• 77°

Slightly used can be new to you

There are times when you want to blow some money, but you realize you don’t have much. Not to worry, your local thrift store might have the answer.

There are lots of goodies to be found hiding in the shelves of your local salvage stores with prices that are actually low.

Unlike antiques shops, thrift stores are for the everyday items that would go ignored or thrown away. Most of these items are the leftovers from yard sails and moving boxes that took-up too much space. 

It’s easy to pass these items up as junk, but if you really looked at what is there you might see something that has interest to you. Recently, I visited to my local thrift stores and found some unique buys I had share.

“An old pair of paint splatted overalls,” they look pretty handy to me. I haven’t started my painting project yet, but at least it will look like I have.

“A Letterman jacket form 1985,” how cool is that! So what if I don’t play sports or if I didn’t graduate in the Class of 1985? If anyone asks, I’ll just say that I ran tack and was so fast time still has not caught up with me. 

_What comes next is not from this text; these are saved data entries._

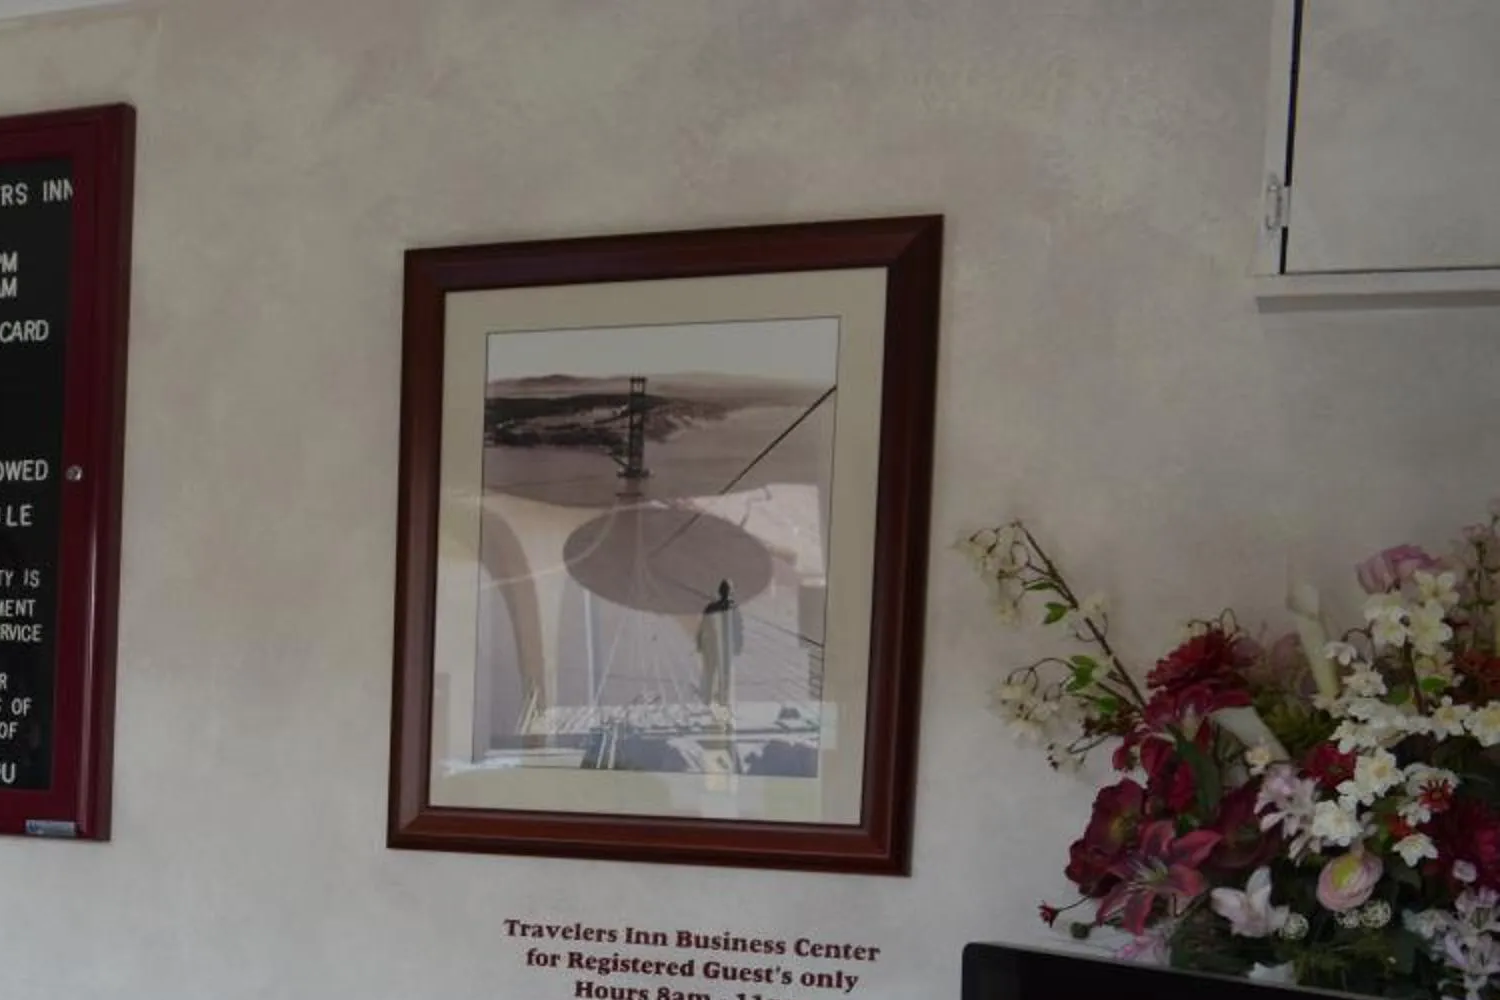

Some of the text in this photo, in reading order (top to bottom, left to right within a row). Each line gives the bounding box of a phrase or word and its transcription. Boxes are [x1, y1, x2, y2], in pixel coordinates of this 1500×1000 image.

[0, 319, 49, 342] CARD
[23, 569, 40, 588] IS
[12, 698, 32, 716] OF
[504, 919, 881, 962] Travelers Inn Business Center
[527, 948, 859, 993] for Registered Guest's only

“Large collection of paper back novels,” I’m sure I’ll find one I will like. Never judge a bookstore by its cover.

“Stacks of never opened workout videos,” I could use these. Warning! Exercises from the 80s will still burn as much in 2016. Just because no one watches them anymore doesn’t mean they don’t work. 

“A slightly used toaster,” you can’t find them in Walmart for that price. Most of these items are in good use, but the owners decided they wanted a different model. They probably lost the receipt and couldn’t take it back, so they donated it to Good Will for a tax write-off.

“Boxes full of Teddy Bears,” guess what my future children will get for Christmas. It’s just like the pound, except for toys. Why spend a fortune trying to win one in the claw machine when you can get one for a dollar? 

I am always finding new things to buy, but most importantly I like that the money I’ll spend goes back to the Community. Salvation Army and Good Will are always doing programs to help people in need, which only adds value to my purchase.

You never know what is valuable until to check. There are cases every time on Antique Road Show of ordinary objects going for thousands of dollars. If you see something you think is worth something why not buy it then; it’s always a possibility that it could be worth a fortune.

It may not be new by Webster’s Dictionary standers, but it’s new to buyers who want to save a little money.